Baulieu needed all the charm and Machiavellian talent he could muster to navigate around the anti-abortion lobby.
Already, anti-abortionists have acknowledged that the new drug could complicate their task. "We're really very simplistic, visually oriented people," Dr. John Willke of the National Right to Life Committee told one reporter. "And if what [abortions] destroy in there doesn't look human, then it will make our job more difficult."
Prospects for distribution of the pill in America in the near future remain remote, despite the attention Baulieu received for the Lasker prize. "We do hope that this will expedite acceptance—that's the purpose of giving awards: to call attention to an advance," says Deeda Blair, a vice president of the Lasker Foundation. "Years ago we gave the prize to the first automated scanning technology.
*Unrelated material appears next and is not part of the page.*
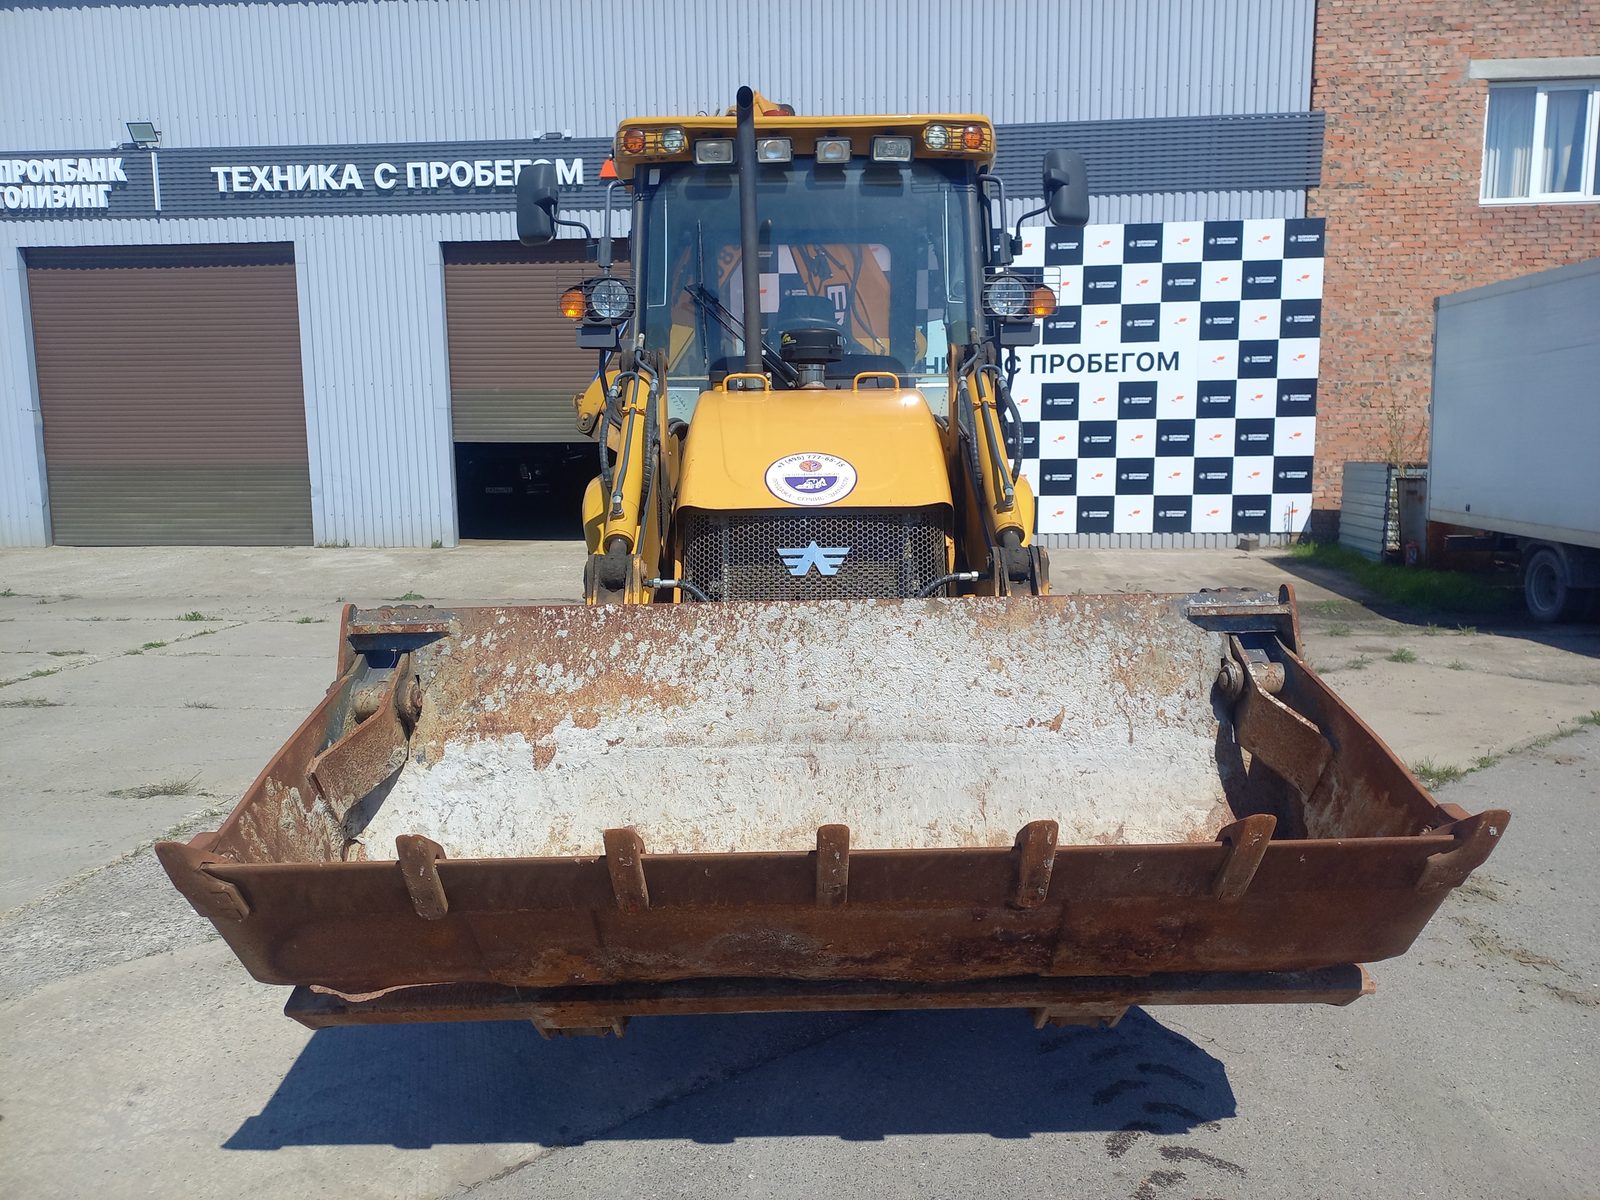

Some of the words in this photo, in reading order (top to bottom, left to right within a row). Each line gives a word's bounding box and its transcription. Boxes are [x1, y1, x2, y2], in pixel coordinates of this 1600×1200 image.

At that point there were only one or two instruments in this country, and within two years there were several hundred." Planned Parenthood will also campaign for RU 486, but Ms. Wattleton says, "We have no strategy until Roussel permits the drug to leave France." Baulieu doesn't think any big American companies will be interested in marketing RU 486, "because they always react slowly." But he says he has been deluged by offers from venture capitalistsv who would be willing to put up "$100 million tomorrow" if Roussel would grant them a license.
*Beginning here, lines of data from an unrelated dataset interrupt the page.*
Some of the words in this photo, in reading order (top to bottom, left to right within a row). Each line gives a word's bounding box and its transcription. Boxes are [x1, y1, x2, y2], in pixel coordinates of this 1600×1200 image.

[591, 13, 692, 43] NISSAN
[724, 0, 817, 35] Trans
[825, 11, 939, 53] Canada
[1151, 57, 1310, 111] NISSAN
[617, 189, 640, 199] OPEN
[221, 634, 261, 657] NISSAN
Baulieu is careful to point out that he does not collect royalties from the pill. "I have a problem with the question of money. I love having everything, but I neither want to earn nor to pay. I don't want to take royalties. I feel free. I can tell everyone to go to hell. I don't want any ties. My children aren't like that, and they're right. I'm the one who is wrong."
Baulieu often describes himself as an ascetic who believes in "persistent work," but—unlike his mother—not because he thinks you must work. "One works because one is afraid of doing nothing, and then becoming obsessed with metaphysical problems," he says. The work in his case led to fame, which he seems always to have known was in the cards, although he never had a plan—he just thought "it would happen all by itself." And like so many other major medical advances, his famous pill was an almost accidental discovery: "Honestly, I didn't foresee that we were going to go in this direction. I was just doing my work on an interesting compound."
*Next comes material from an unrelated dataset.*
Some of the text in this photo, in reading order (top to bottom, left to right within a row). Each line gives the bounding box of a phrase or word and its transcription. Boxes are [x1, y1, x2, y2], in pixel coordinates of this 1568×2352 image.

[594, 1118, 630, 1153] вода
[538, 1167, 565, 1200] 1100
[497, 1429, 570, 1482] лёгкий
But the fame turned out to be unexpectedly useful. He explains why it's important for scientists to be "as famous as painters or writers." Baulieu knows that "you have to personalize things a little, because people have the impression that science is a cold profession. But it is something that you do with your heart. Intelligence is very important, but you also need the will, the heart, passion, and persistence. Being a public figure is interesting because you are responsible for explaining the significance of science, not just treating sickness, but explaining how science is done—so that young people will not imagine that we are computers."